**Problem to solve**
Return all of the entries exactly, but do not include the pictures.

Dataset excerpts

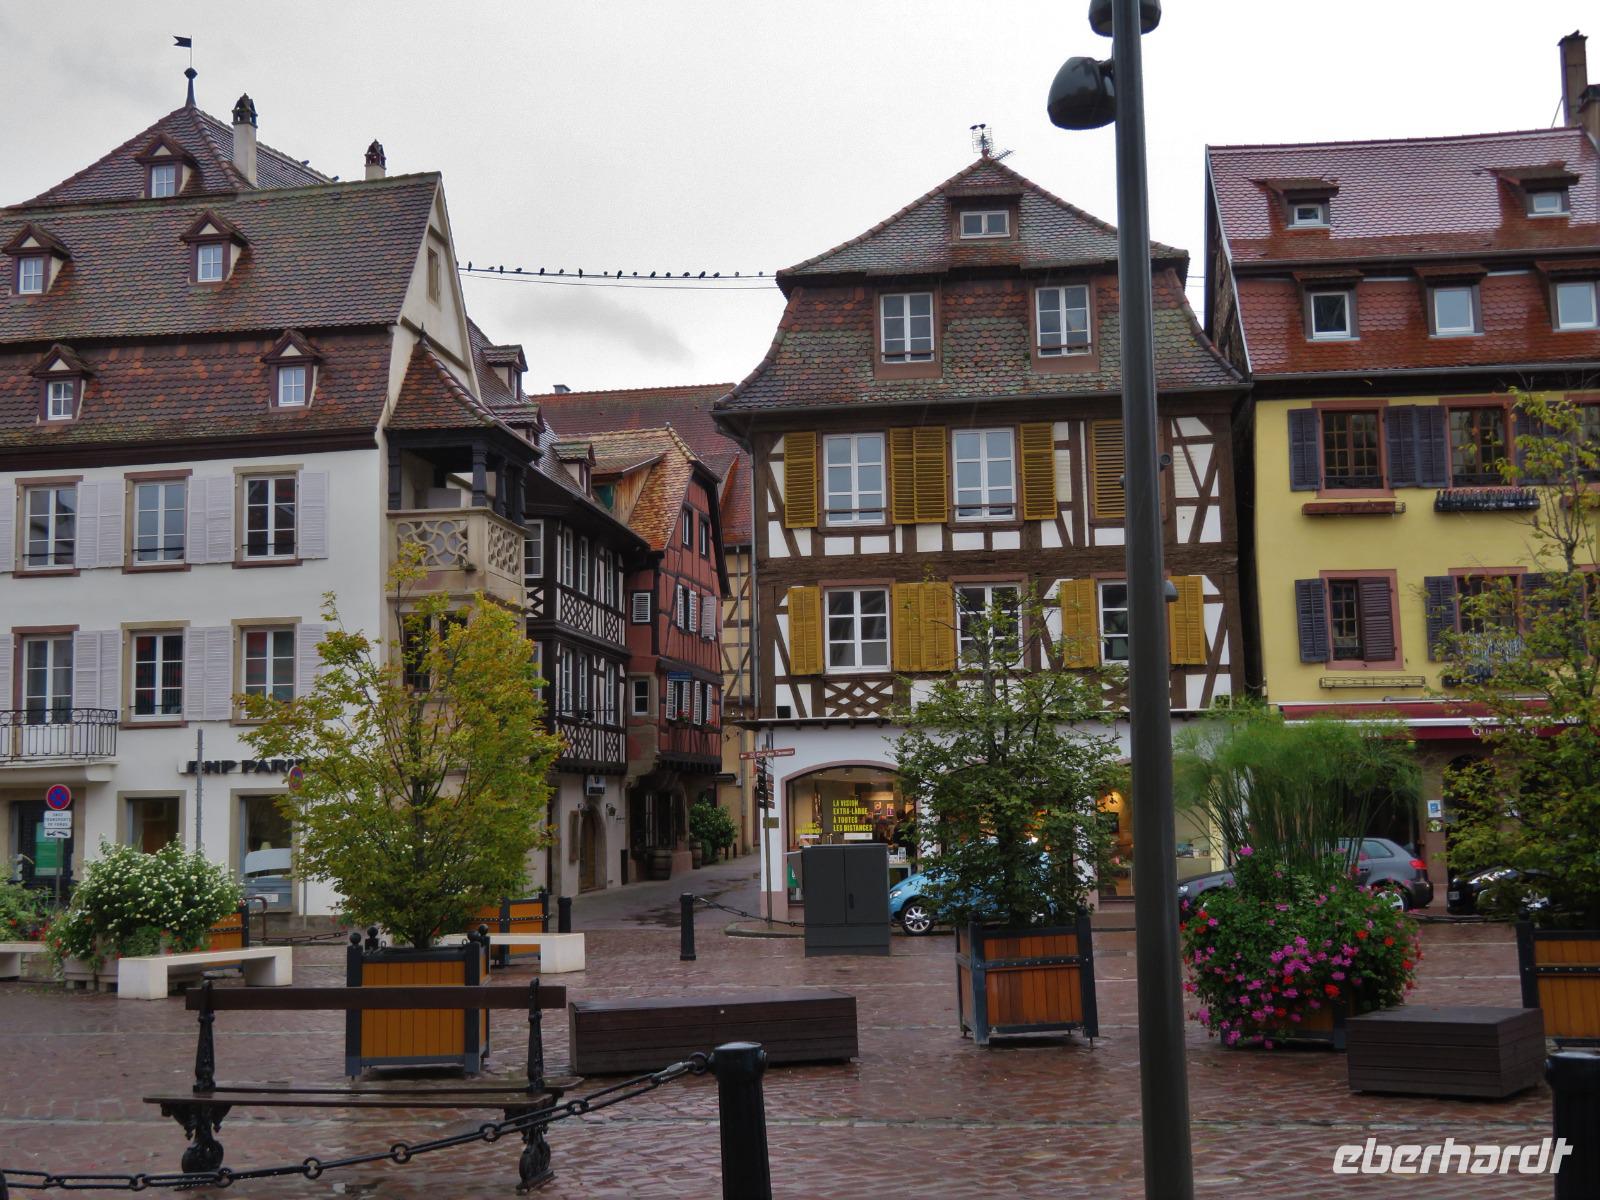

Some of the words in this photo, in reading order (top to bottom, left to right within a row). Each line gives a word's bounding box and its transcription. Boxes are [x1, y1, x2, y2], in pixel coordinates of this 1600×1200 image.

[832, 799, 840, 807] LA
[840, 799, 859, 807] VISION
[838, 816, 858, 824] TOUTES
[833, 824, 843, 832] LES
[843, 824, 873, 832] DISTANCES

**Solution to the problem**
Some of the words in this photo, in reading order (top to bottom, left to right within a row). Each line gives a word's bounding box and its transcription. Boxes are [x1, y1, x2, y2], in pixel coordinates of this 1600×1200 image.

[832, 799, 840, 807] LA
[840, 799, 859, 807] VISION
[838, 816, 858, 824] TOUTES
[833, 824, 843, 832] LES
[843, 824, 873, 832] DISTANCES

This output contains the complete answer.